Take the line containing "this 1500×1334 image." and every line after it to the end of the records, and copy them exactly, excluding pictures.

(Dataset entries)
== Segment start ==

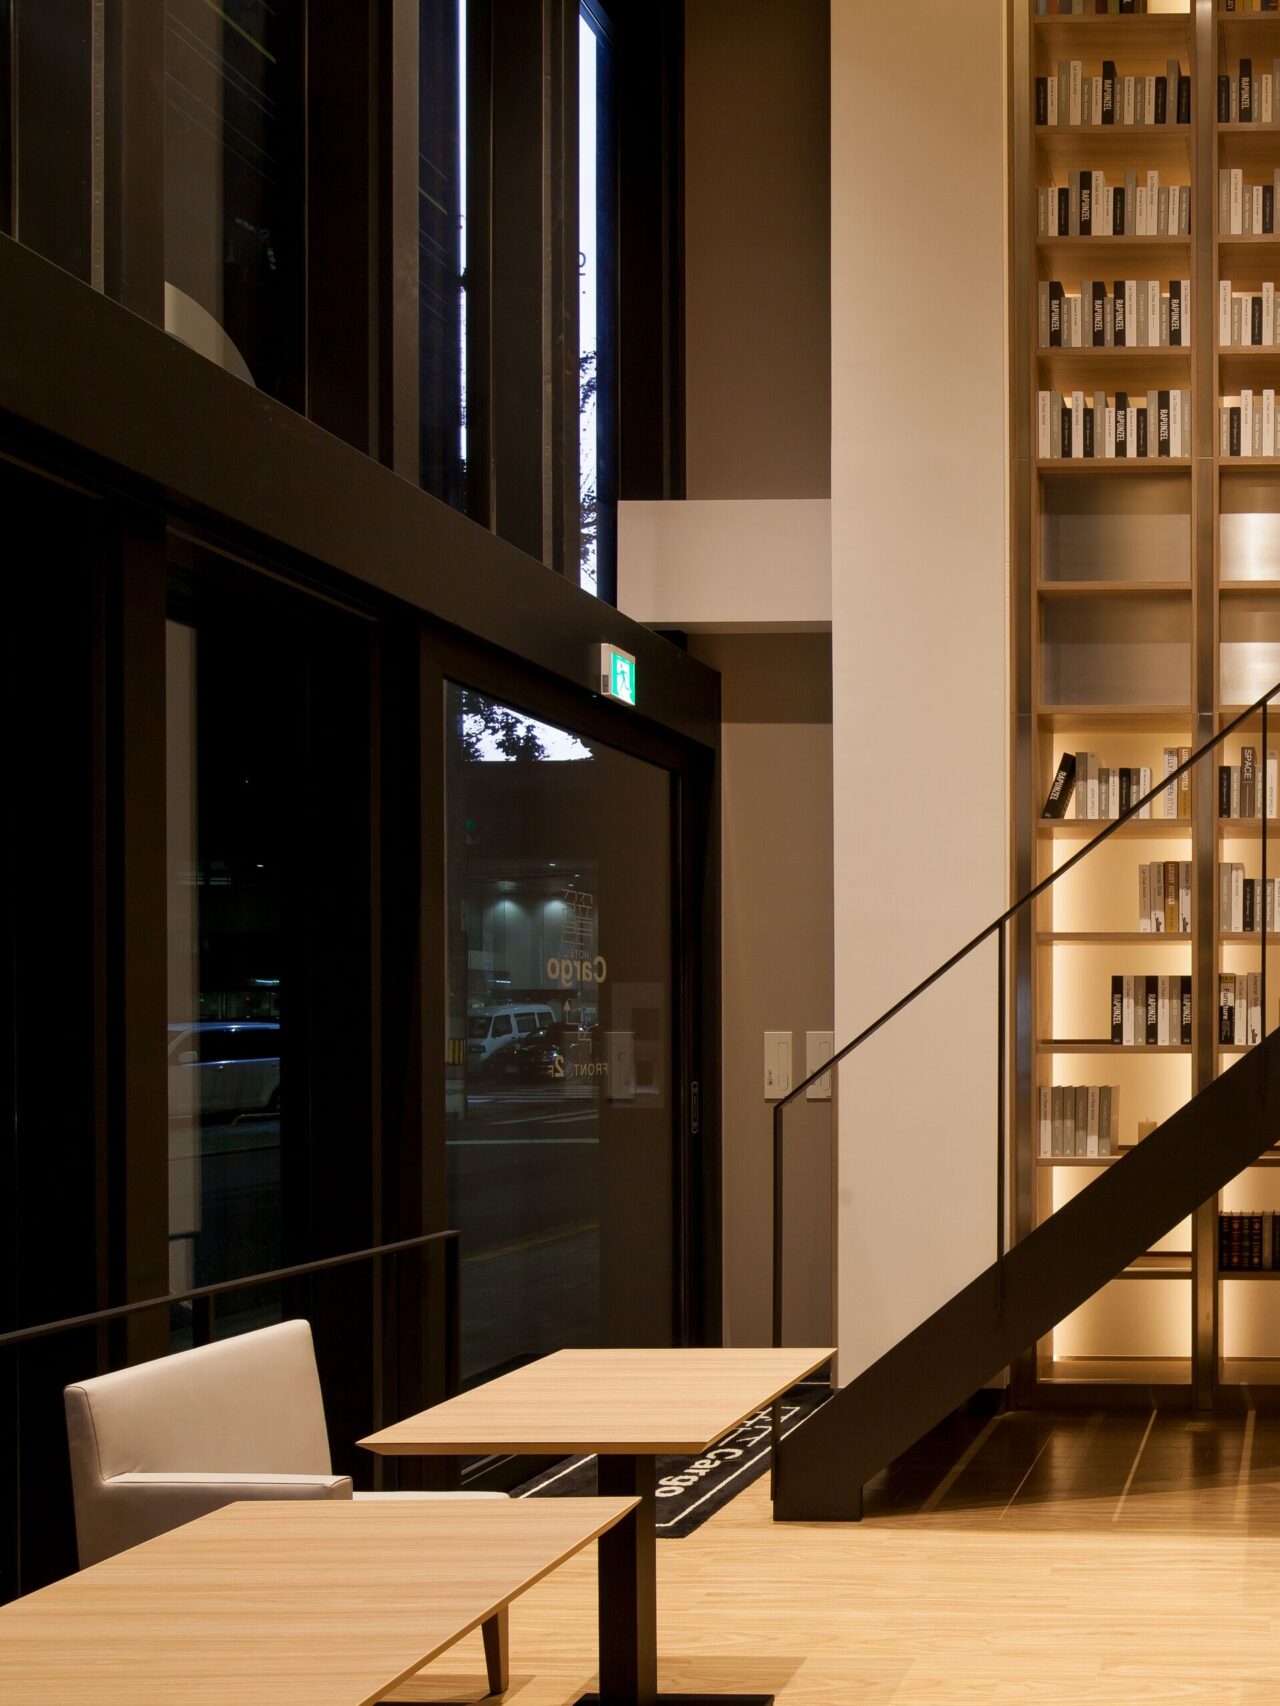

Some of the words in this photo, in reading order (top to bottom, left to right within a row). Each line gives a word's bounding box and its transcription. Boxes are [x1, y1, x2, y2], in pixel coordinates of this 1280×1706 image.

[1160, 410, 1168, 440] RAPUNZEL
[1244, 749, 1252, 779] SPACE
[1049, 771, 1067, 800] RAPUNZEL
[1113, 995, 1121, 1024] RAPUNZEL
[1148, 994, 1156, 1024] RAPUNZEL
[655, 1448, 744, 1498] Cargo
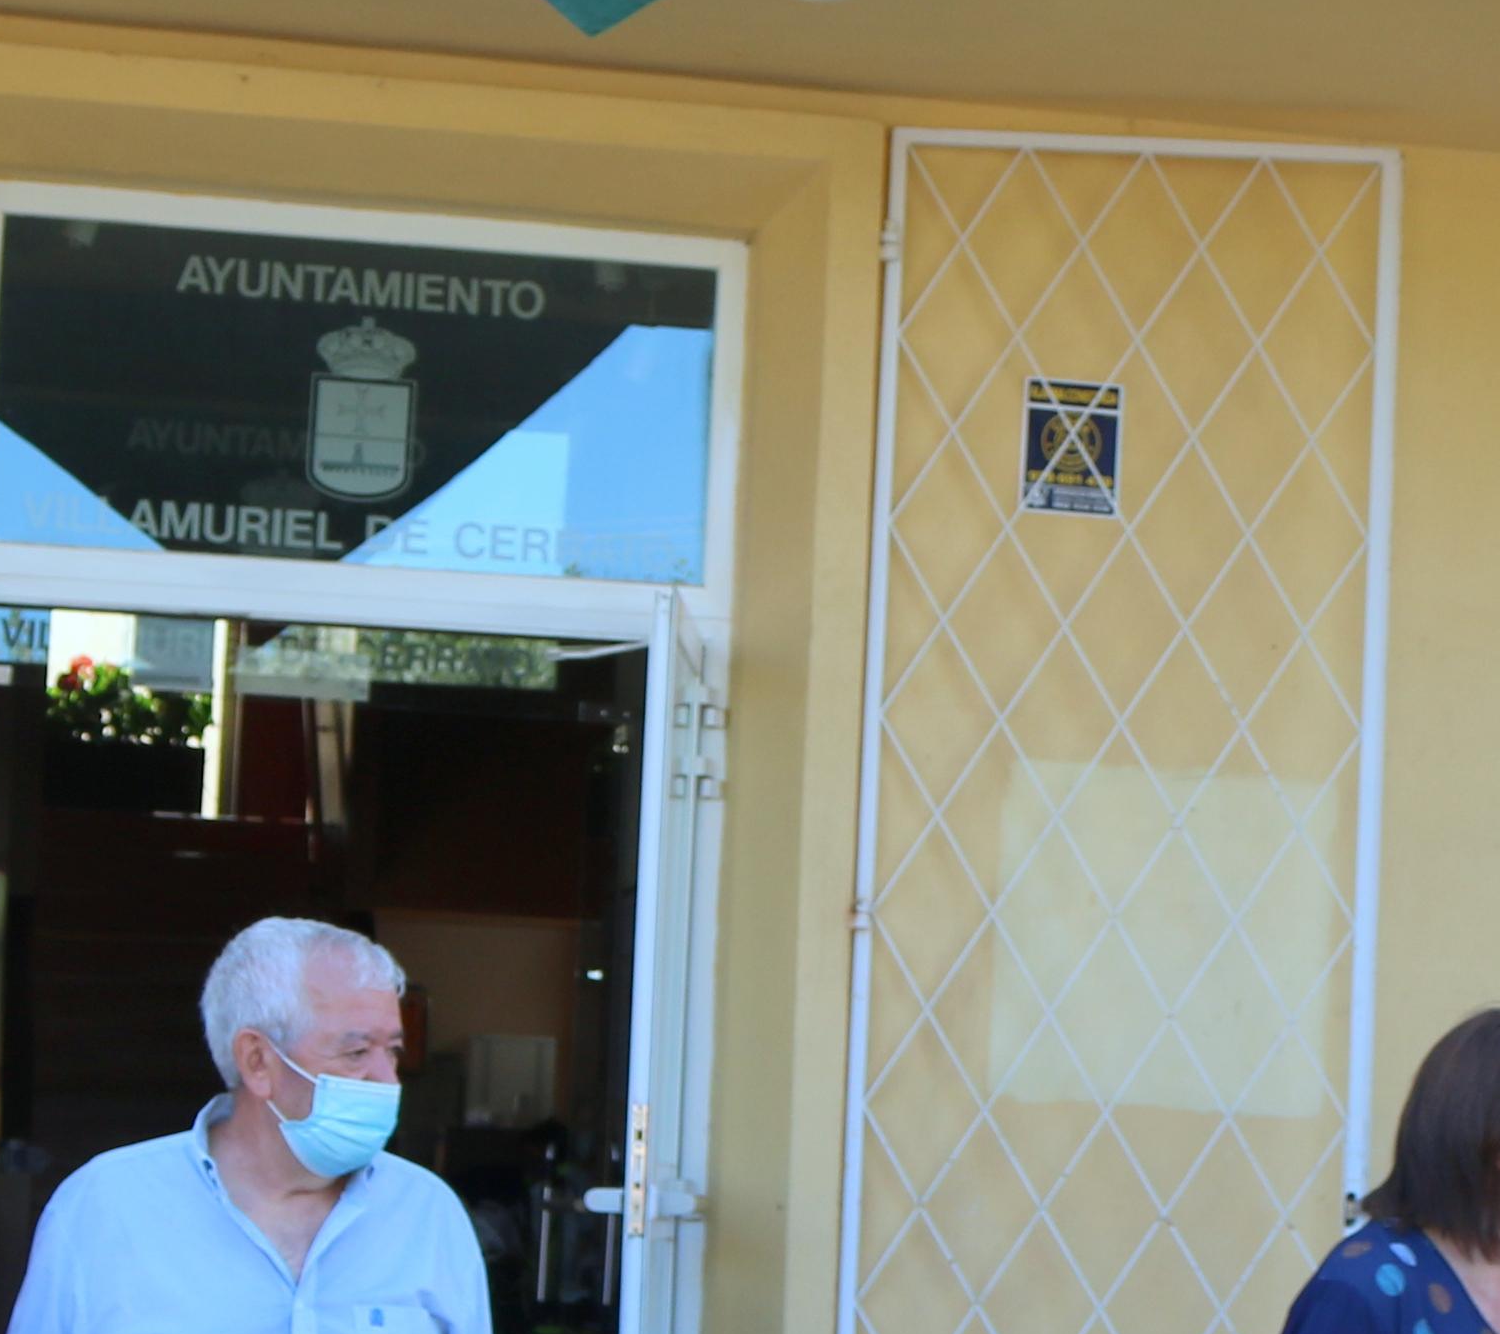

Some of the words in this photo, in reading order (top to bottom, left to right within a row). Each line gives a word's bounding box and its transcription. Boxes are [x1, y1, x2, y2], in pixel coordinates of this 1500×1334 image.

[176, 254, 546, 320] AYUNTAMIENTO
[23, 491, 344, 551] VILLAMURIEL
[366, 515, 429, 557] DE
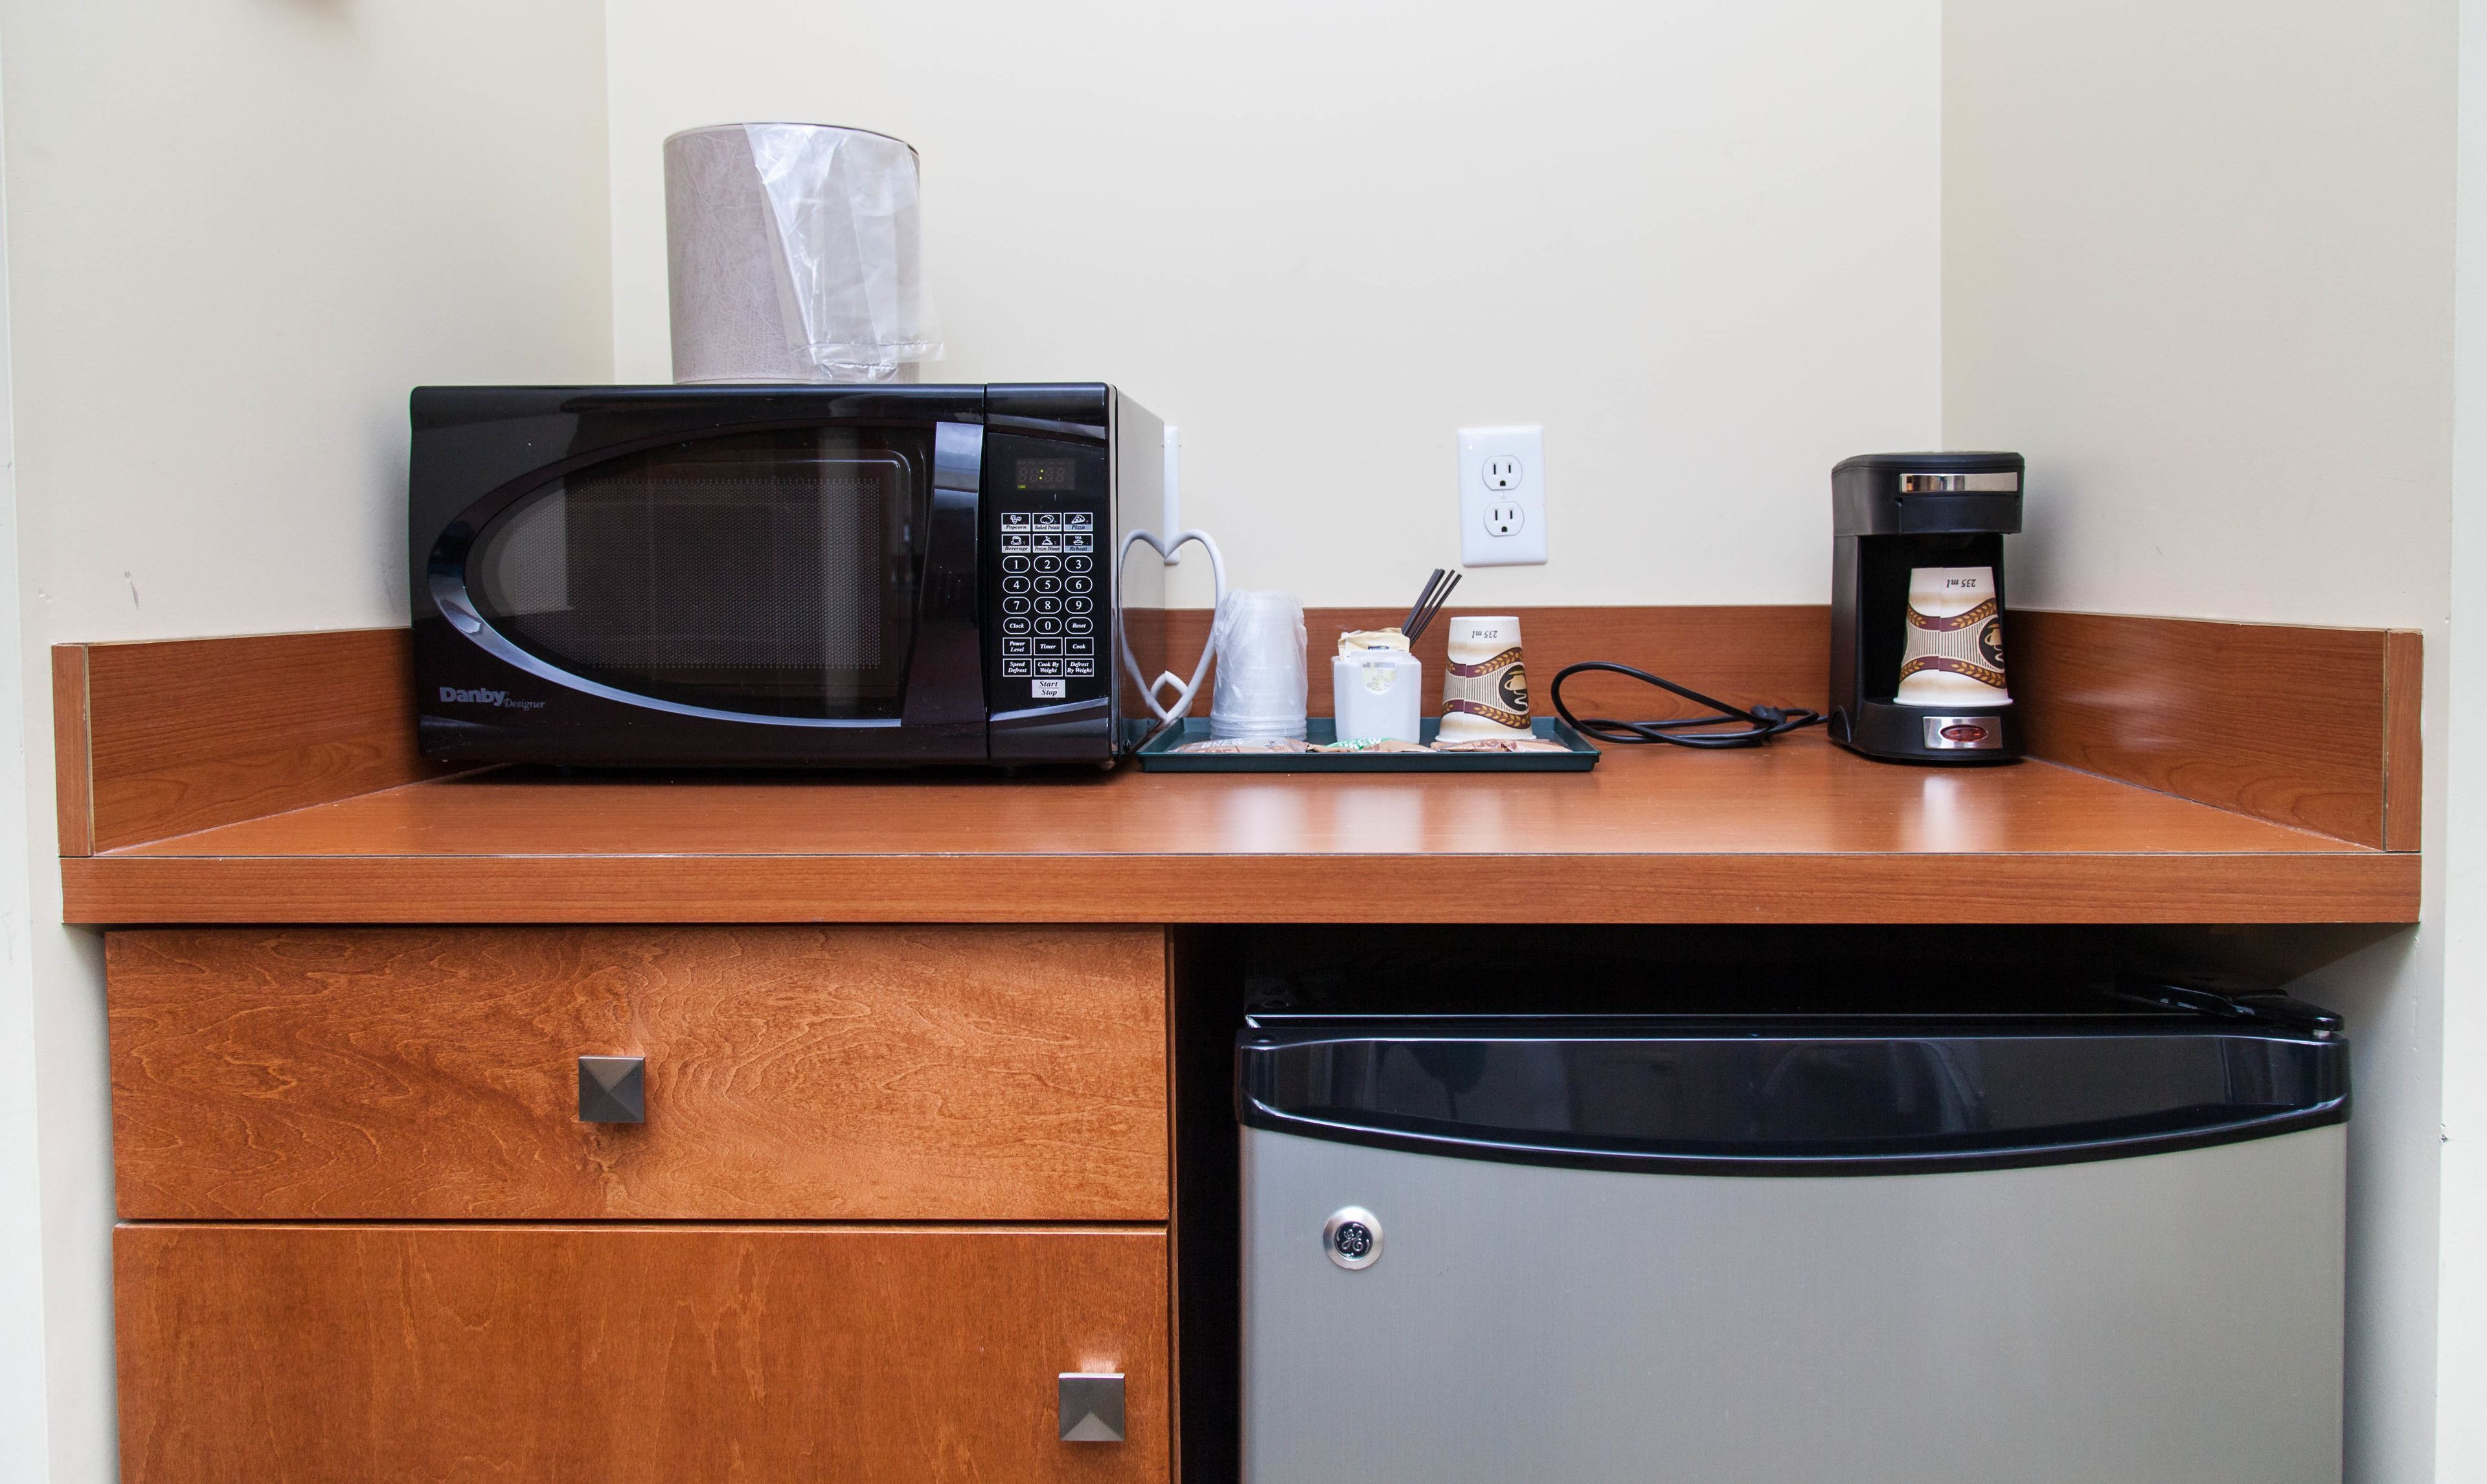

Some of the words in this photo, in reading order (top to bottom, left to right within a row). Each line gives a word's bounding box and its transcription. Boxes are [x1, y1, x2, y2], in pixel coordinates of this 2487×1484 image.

== Segment end ==

*ANSWER SPACE*:
Some of the words in this photo, in reading order (top to bottom, left to right within a row). Each line gives a word's bounding box and its transcription. Boxes are [x1, y1, x2, y2], in pixel coordinates of this 1500×1334 image.

[176, 254, 546, 320] AYUNTAMIENTO
[23, 491, 344, 551] VILLAMURIEL
[366, 515, 429, 557] DE

Some of the words in this photo, in reading order (top to bottom, left to right within a row). Each line gives a word's bounding box and its transcription. Boxes are [x1, y1, x2, y2], in pixel coordinates of this 2487×1484 image.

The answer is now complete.